Short-term Outcomes Worse After Failed CTO PCI

Failed chronic total occlusion (CTO) PCIs are associated with more procedural complications and poorer short-term clinical outcomes compared with successful procedures, according to a meta-analysis published online December 4, 2014, in Catheterization and Cardiovascular Interventions. However, rates of adverse outcomes have declined over the past few decades for both successful and failed cases.

Take Home: Short-term Outcomes Worse After Failed CTO PCI

“We have evidence that successful CTO PCI results in improved long-term outcomes…,” Muhammad F. Khan, MD, of the Southern Arizona VA Health Care System (Tucson, AZ), and colleagues write. “Therefore, patient selection for percutaneous CTO intervention should be individualized based on the risks of complications (probability of failed intervention) versus the benefits of improved long-term outcomes (in case of successful PCI).”

Careful assessment of lesion morphology and other factors along with the operator’s ability to deal with CTOs is paramount before embarking on the procedure, they add.

The researchers performed a meta-analysis of 25 studies that included a total of 16,490 patients and were published from 1991 through 2013. Overall, 75% had successful and 25% failed CTO PCI. The most common reasons for failure were an inability to cross the lesion with a guidewire and subsequent failure to cross the lesion or dilate it with a balloon.
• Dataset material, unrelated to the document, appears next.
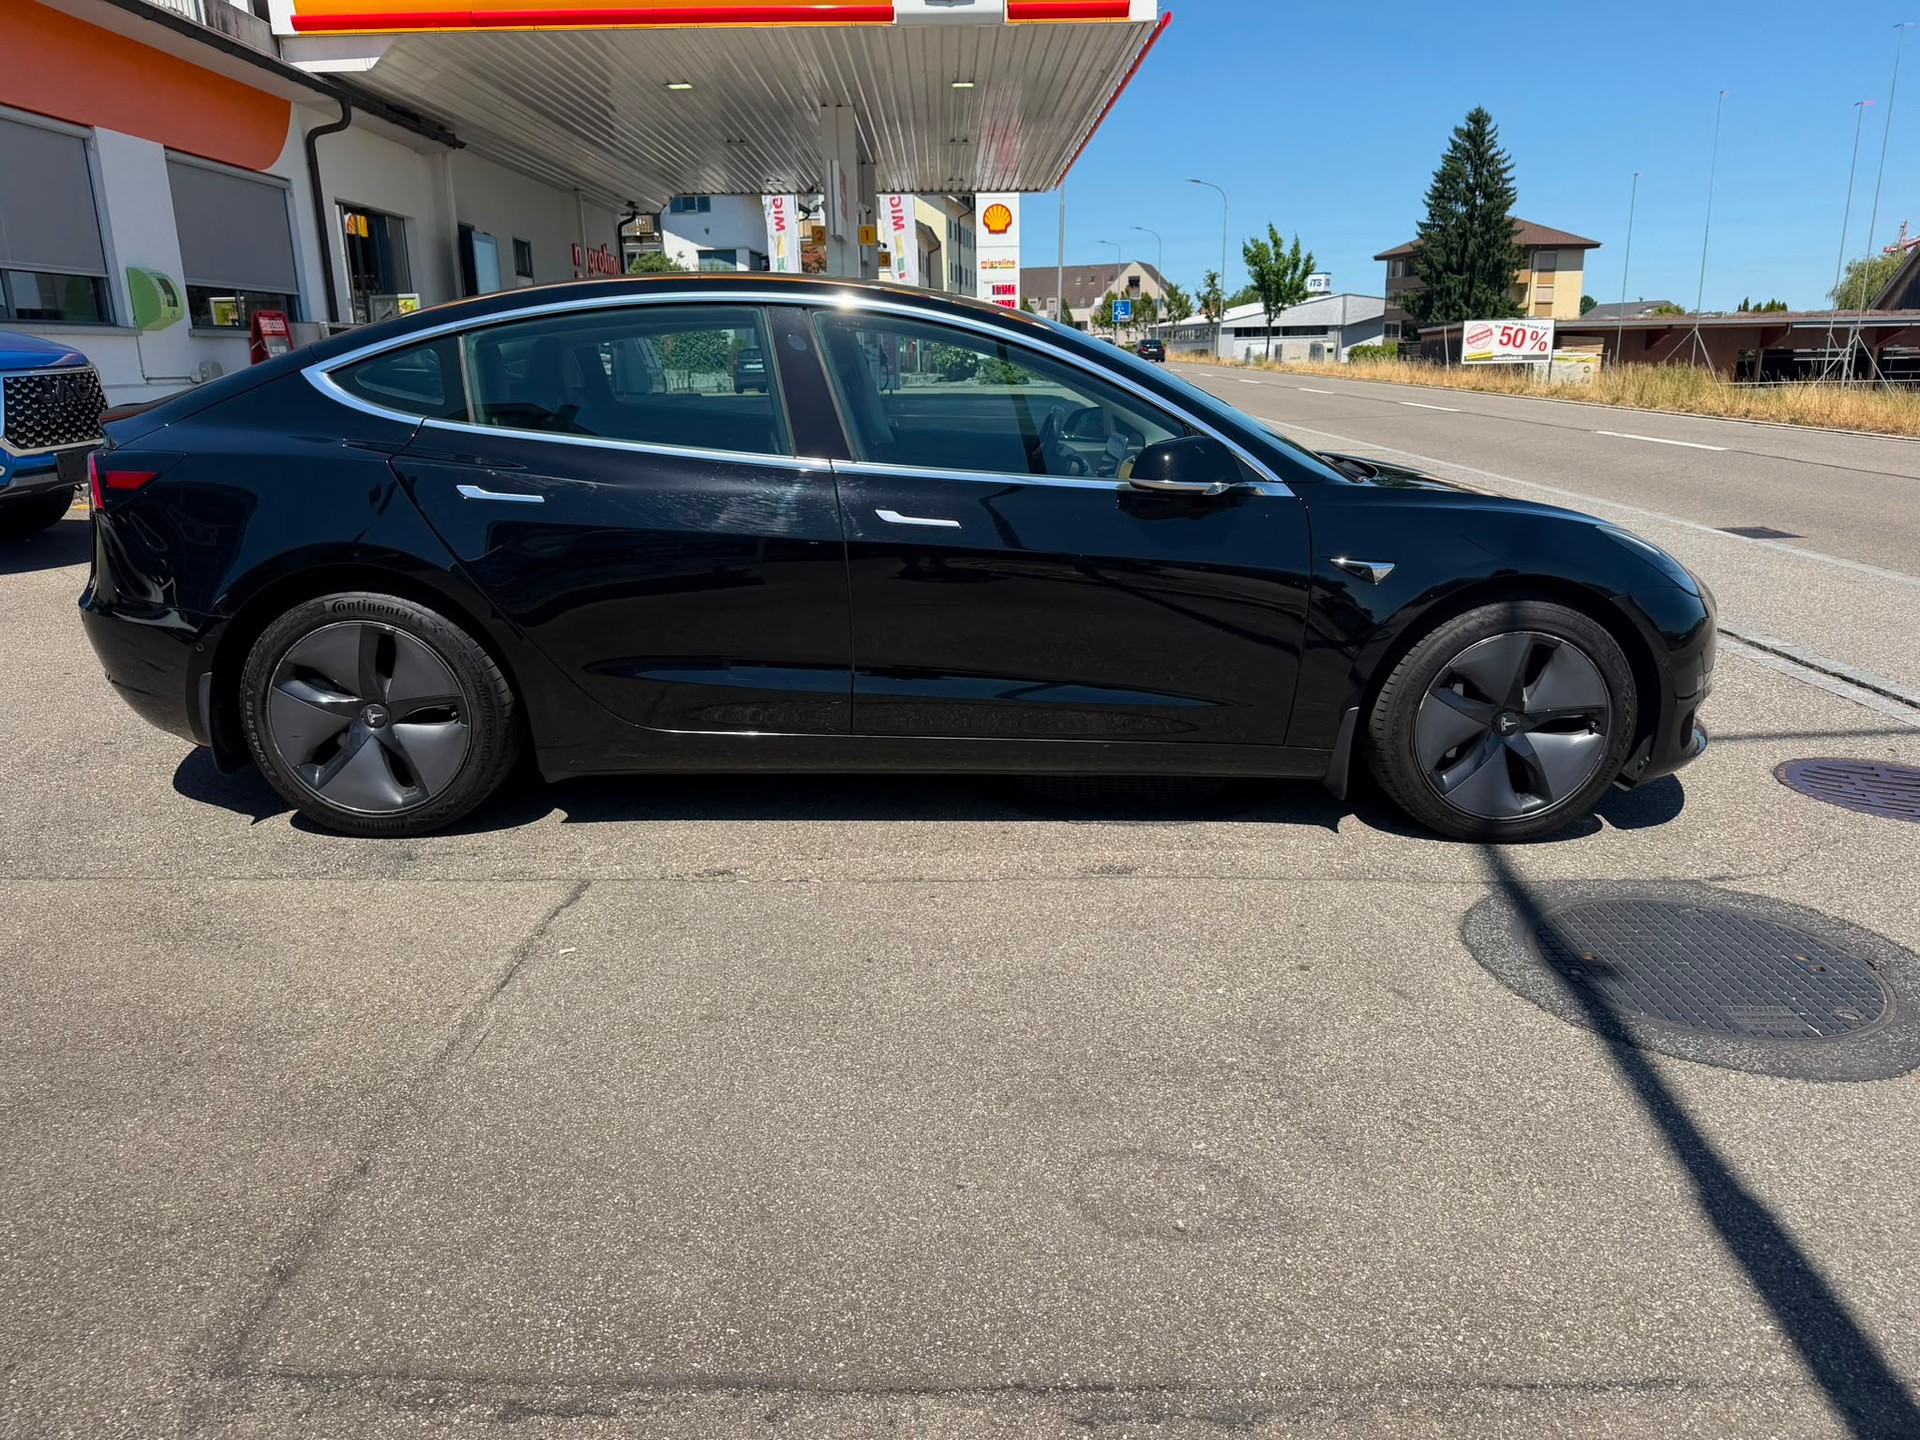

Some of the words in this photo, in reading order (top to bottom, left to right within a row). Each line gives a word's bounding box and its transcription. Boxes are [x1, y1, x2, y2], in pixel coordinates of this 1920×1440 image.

[815, 230, 824, 241] 2
[864, 229, 870, 241] 1
[882, 254, 889, 264] 3
[332, 599, 415, 621] Continental
Compared with successful CTO PCI, failure was associated with higher rates of in-hospital MACE (mortality, MI, and TVR), mortality, MI, and need for urgent CABG (table 1).

In-Hospital Outcomes

Failed procedures also came with higher rates of some periprocedural complications, including coronary perforation (7.4% vs 1.9%; RR 5.09; 95% CI 3.93-6.59) and cardiac tamponade (1.16% vs 0.22%; RR 5.00; 95% CI 1.97-12.69). Those differences largely explain the increase in mortality after failed CTO PCI, the authors say.

Rates of all adverse clinical outcomes declined over time in both groups. For example, the rate of in-hospital death for failed PCI decreased from 2.5% in 1980-1995 (an era of angioplasty alone) to 0.8% in 2008-2010 (an era characterized by use of the modified retrograde approach and new technologies), while that for successful PCI dropped from 0.7% to 0.1%, respectively.
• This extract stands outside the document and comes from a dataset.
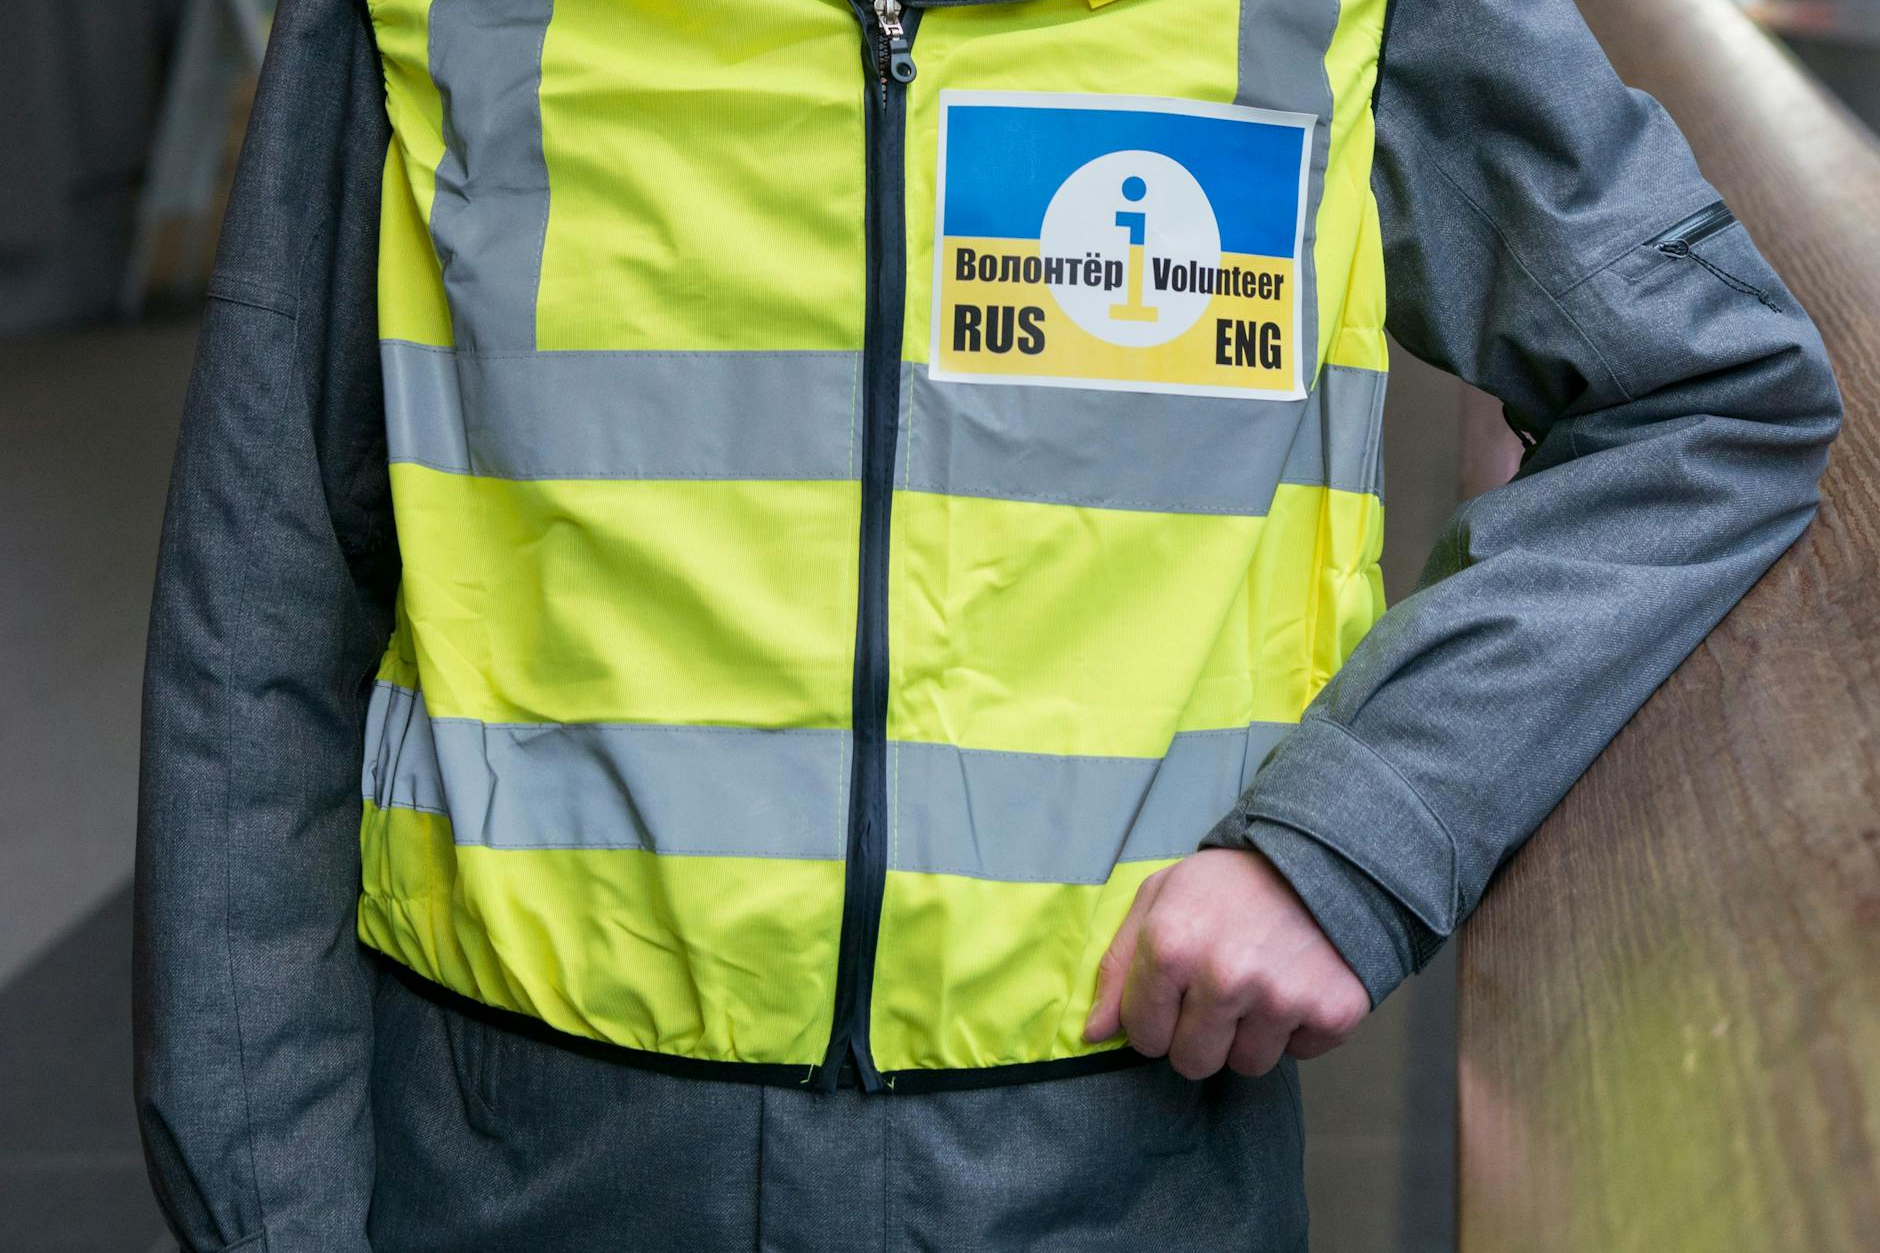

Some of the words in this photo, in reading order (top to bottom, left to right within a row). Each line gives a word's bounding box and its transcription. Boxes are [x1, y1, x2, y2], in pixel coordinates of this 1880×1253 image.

[955, 247, 1124, 291] Волонтёр
[1153, 258, 1284, 301] Volunteer
[953, 304, 1046, 354] RUS
[1215, 318, 1282, 370] ENG
Absolute Risk Difference Small

Dr. Khan and colleagues note that even though failed procedures were associated with greater risks of adverse outcomes and complications, the absolute differences were not that large—less than 1 per 100 procedures, “which, in fact, is quite reassuring.”

They calculated that the number of failed procedures that would need to occur to induce each additional adverse event was 111 for death, 20 for MACE, 125 for MI, and 29 for urgent CABG.
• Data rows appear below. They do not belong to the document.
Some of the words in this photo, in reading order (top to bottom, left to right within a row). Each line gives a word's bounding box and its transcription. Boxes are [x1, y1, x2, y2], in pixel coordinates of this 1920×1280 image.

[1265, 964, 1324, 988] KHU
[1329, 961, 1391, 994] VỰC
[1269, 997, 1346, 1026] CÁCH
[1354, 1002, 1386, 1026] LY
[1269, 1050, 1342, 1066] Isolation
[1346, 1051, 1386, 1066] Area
Also reassuring, the authors say, is the decline in event rates over time. The trend “underlines the importance of an ongoing need for further development of techniques and equipment to improve procedural success rates for CTO PCI,” they write. “A positive influence of operator expertise and experience on procedural success and short-term outcomes in patients with CTO PCI is well documented, which further stresses the importance of special dedicated CTO training, experienced CTO operators, and the development of high-volume CTO centers. We also suggest performing percutaneous CTO interventions preferably in the centers with cardiothoracic surgery back-up due to relatively higher rates of urgent CABG… in the failed group.”

In a telephone interview with TCTMD, Dimitrios Karmpaliotis, MD, PhD, of Columbia University Medical Center (New York, NY), stressed that CTO PCI is a “different animal” from PCI in general and is associated with complications not easily managed by all interventional cardiologists.

“It has its own nomenclature, its own techniques, and it requires skills and familiarity with equipment that is not widely known and mastered by all interventionalists,” he said. “It should be approached in a systematic and programmatic way; it should not be taken lightly.”

The main significance of this study, Dr. Karmpaliotis added, is that it shows outcomes from CTO PCI have improved over the years, driven by “operator experience, improved technology and equipment, potentially better patient selection, and collaboration and dedication among CTO experts from all over the world.”



Khan MF, Brilakis ES, Wendel CS, Thai H. Comparison of procedural complications and in-hospital clinical outcomes between patients with successful and failed percutaneous intervention of coronary chronic total occlusions: a meta-analysis of observational studies. Catheter Cardiovasc Interv. 2014;Epub ahead of print.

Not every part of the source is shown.